Interestingly, the discoveries of Ricin in Europe come after Zarqawi visited
at least one of the cells in early November last year. And not just any
cell. He was allegedly transported by well-paid Albanian mercenaries through
southern Turkey via the Balkans into France - that's right, France - where
he spent the month of Ramadan teaching Algerian radicals how to make the
toxic poison for which there is no known antidote.
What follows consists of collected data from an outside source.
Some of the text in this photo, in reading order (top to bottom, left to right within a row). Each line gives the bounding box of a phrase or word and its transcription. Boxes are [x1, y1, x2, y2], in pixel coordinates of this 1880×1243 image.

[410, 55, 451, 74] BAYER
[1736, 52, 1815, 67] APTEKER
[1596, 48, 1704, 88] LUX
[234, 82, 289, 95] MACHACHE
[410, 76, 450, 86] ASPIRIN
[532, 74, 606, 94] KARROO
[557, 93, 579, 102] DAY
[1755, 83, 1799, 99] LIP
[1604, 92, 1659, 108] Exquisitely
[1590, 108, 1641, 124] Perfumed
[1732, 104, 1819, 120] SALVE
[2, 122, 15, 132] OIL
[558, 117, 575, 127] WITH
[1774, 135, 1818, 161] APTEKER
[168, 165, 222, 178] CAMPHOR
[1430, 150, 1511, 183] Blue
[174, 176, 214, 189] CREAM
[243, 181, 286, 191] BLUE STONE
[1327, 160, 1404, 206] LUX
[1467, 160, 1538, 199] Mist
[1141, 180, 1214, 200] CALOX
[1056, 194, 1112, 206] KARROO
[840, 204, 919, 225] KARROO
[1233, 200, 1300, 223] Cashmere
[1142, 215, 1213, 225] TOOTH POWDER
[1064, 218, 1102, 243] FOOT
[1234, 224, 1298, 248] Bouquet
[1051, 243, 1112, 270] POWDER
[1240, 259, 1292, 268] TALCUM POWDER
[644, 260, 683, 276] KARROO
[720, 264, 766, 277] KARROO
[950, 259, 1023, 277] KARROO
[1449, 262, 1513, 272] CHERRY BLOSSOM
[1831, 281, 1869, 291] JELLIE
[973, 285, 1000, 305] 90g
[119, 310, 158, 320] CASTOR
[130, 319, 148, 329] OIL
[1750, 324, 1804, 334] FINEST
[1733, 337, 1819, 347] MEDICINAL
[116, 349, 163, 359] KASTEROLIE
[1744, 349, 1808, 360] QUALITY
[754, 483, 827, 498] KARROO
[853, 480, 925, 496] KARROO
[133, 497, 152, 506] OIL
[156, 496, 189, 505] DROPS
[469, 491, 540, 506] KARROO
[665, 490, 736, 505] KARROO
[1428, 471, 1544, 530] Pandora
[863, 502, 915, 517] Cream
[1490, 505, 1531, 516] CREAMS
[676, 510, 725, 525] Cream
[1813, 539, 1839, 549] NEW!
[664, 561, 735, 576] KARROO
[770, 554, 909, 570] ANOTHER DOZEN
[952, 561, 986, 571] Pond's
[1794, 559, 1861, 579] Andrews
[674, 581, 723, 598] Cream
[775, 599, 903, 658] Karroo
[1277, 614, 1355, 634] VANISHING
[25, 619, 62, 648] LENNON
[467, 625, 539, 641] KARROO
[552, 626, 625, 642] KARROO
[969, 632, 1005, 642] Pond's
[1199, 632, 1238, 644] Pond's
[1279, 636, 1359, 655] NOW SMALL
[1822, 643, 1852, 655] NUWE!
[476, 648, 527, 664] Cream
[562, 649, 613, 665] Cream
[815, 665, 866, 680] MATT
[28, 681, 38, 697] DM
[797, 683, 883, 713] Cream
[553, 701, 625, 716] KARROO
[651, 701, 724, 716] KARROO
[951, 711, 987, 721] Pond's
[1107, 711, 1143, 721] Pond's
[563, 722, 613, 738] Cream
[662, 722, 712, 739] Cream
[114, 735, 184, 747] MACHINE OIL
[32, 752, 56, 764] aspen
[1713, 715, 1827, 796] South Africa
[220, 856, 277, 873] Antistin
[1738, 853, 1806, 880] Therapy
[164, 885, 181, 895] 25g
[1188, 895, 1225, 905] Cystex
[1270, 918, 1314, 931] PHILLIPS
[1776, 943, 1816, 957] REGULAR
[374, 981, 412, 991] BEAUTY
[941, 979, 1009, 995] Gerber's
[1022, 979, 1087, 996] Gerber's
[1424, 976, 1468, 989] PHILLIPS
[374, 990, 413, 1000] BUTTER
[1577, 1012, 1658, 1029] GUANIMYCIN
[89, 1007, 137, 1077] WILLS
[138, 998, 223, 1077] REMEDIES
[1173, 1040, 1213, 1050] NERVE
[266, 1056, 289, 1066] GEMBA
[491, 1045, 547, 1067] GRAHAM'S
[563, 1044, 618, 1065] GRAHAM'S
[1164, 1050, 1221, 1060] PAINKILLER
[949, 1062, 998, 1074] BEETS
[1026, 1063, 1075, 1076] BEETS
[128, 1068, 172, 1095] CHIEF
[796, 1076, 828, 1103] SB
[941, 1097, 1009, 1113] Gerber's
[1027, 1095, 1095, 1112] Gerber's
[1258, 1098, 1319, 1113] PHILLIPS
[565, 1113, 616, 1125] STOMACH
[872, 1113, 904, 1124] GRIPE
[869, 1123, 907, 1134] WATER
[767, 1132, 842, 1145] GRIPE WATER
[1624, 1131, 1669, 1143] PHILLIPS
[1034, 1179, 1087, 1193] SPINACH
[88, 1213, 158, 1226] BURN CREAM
French police
interrogations have revealed that the same Algerians arrested in Paris
traveled to Barcelona, where later another al Qaeda cell was rooted out.
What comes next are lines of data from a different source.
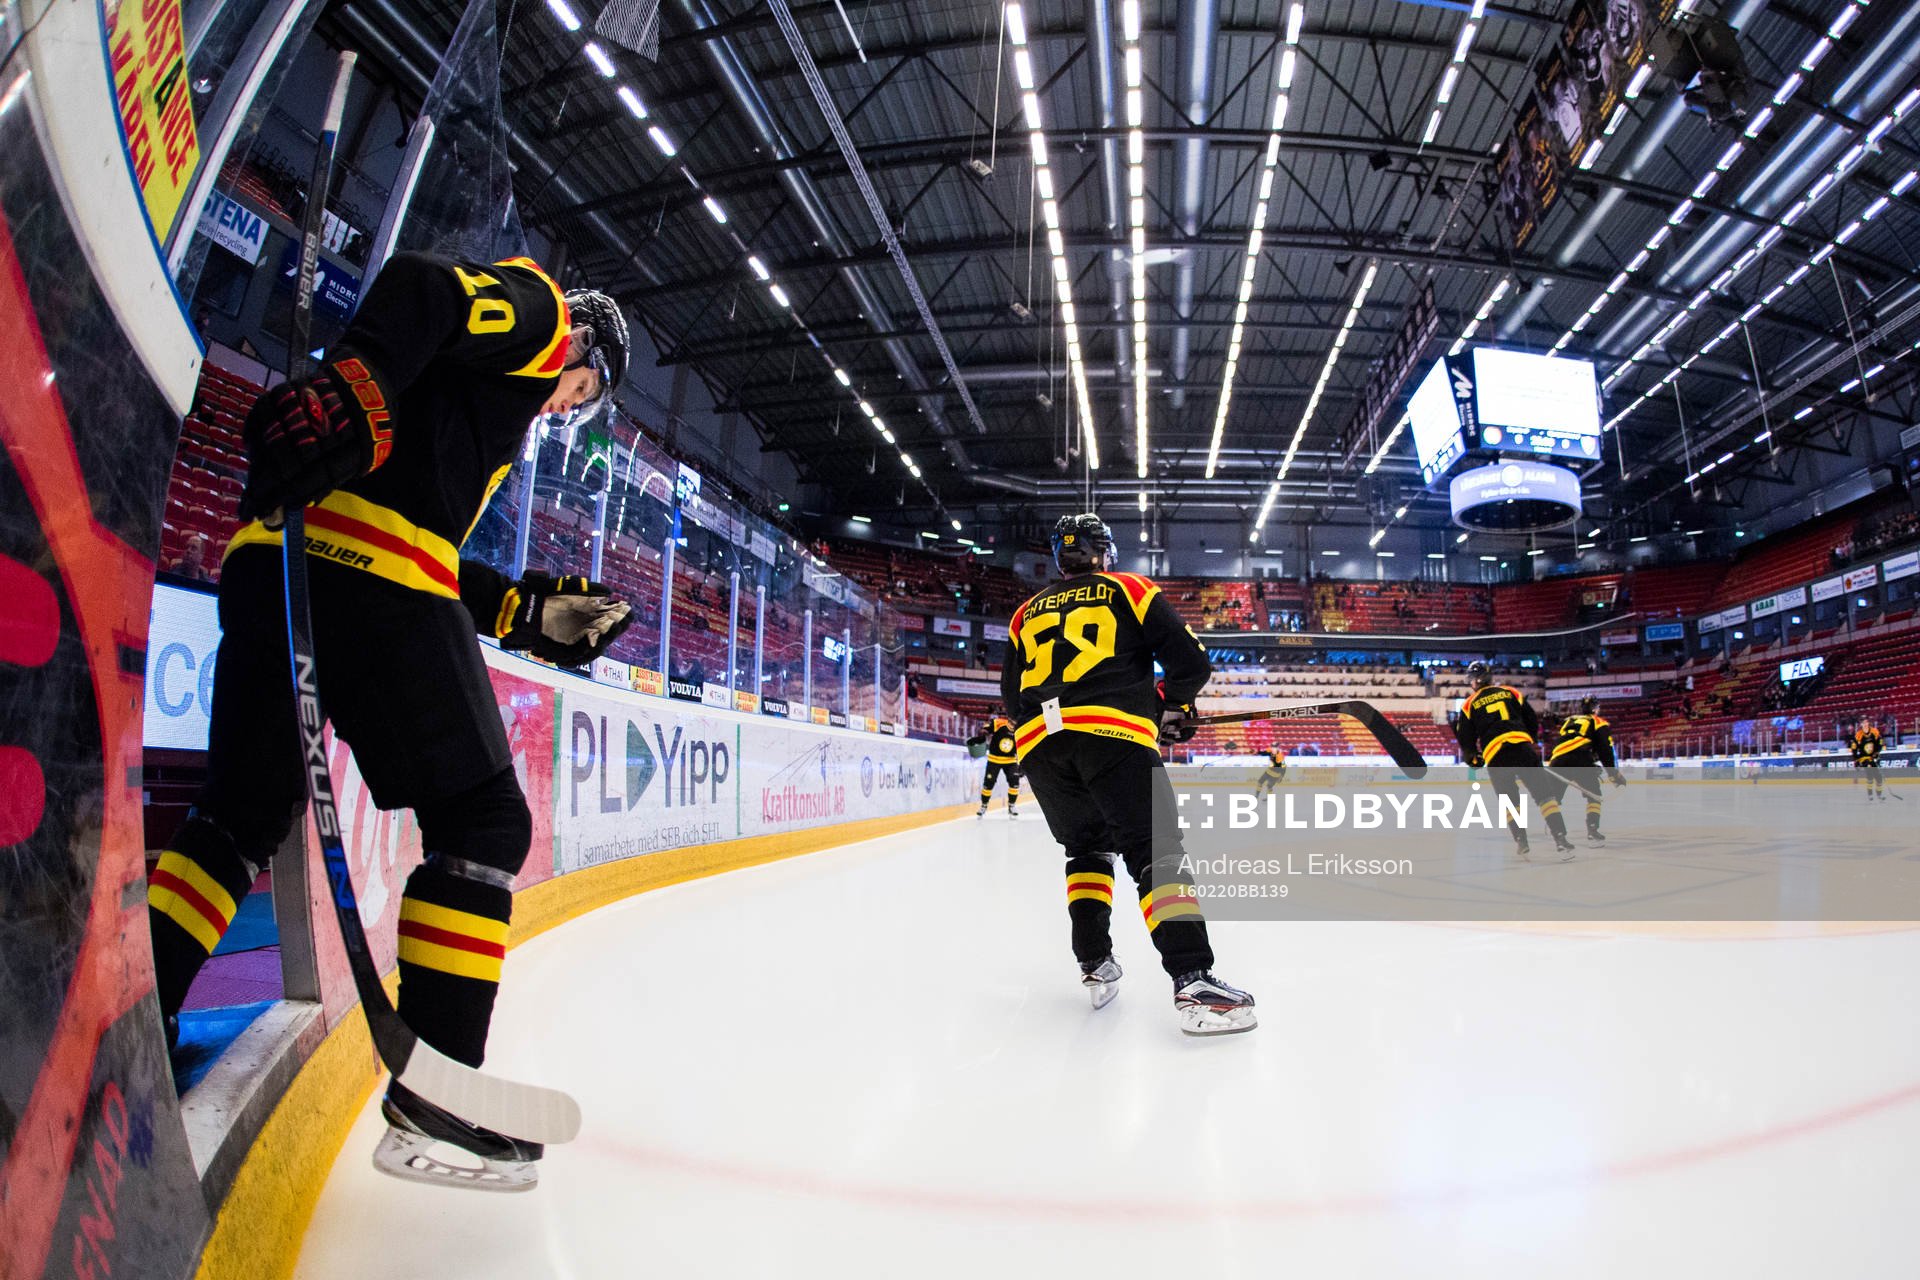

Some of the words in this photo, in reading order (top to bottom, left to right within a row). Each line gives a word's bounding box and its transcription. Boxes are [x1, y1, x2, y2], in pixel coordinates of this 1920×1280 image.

[216, 230, 248, 257] recycling
[325, 290, 349, 310] Electro
[1064, 534, 1075, 545] 59
[1019, 605, 1117, 693] 59
[669, 680, 702, 698] VOLVIA
[763, 700, 788, 715] VOLVIA
[1269, 705, 1319, 720] NEXUS
[1486, 701, 1510, 721] 7
[295, 652, 339, 838] NEXUS
[879, 762, 896, 790] Das
[761, 784, 832, 824] Kraftkonsult
[833, 785, 846, 816] AB
[583, 834, 635, 865] samarbete
[638, 828, 659, 851] med
[661, 826, 681, 849] SEB
[682, 823, 700, 845] och
[701, 821, 722, 843] SHL
Traces of Ricin apparently found in the Paris apartment of the Algerian cell
demonstrate with great clarity how Zarqawi's presence in Europe enabled the
export and distribution of formulas and ingredients through al-Qaeda's
nebulous global network to endpoints for deployment while giving Saddam
plausible deniability of any involvement.

There is other evidence of Ansar's al Qaeda overlay. While recuperating at
base camp in the late summer, Zarqawi gave an order (in line with al Qaeda's
new directive for political assassinations) to have Laurence Foley, an
American diplomat working for USAID in Amman, assassinated. His direct
involvement was confirmed by the two murder suspects arrested in Amman
during their confessional statements.

Then, on Feb. 9, a prominent secular Kurdish leader, Gen. Shawkat Haji
Mushir, and five others were murdered in the northern Kurdish region of Iraq
in apparent retaliation for the Powell expose of Ansar and Zarqawi. The
modus operandi of the murder was eerily similar to the September 2001 bin
Laden-sponsored assassination of Afghan resistance leader, Ahmed Shah
Masood, where al Qaeda operatives posing as journalists exploded the TV
camcorder in Masood's face.

How much more data is needed to demonstrate al Qaeda's growing hand-in-glove
relationship with terrorism's modern-day godfather. The sooner we dispel
ourselves of the notion that forensic evidence is the only way to define
terror links between states that sponsor terrorism and well-financed,
ideologically driven terrorist networks, the sooner we will be able to
effectively defend ourselves against their tireless efforts to destroy us.

- Mansoor Ijaz, chairman of Crescent Investment Management in New York,
negotiated Sudan's counterterrorism offer for data on al Qaeda and other
terrorist organizations to the Clinton administration in 1997 and proposed
the framework for the July 2000 ceasefire in Kashmir between Muslim
separatists and India's security forces.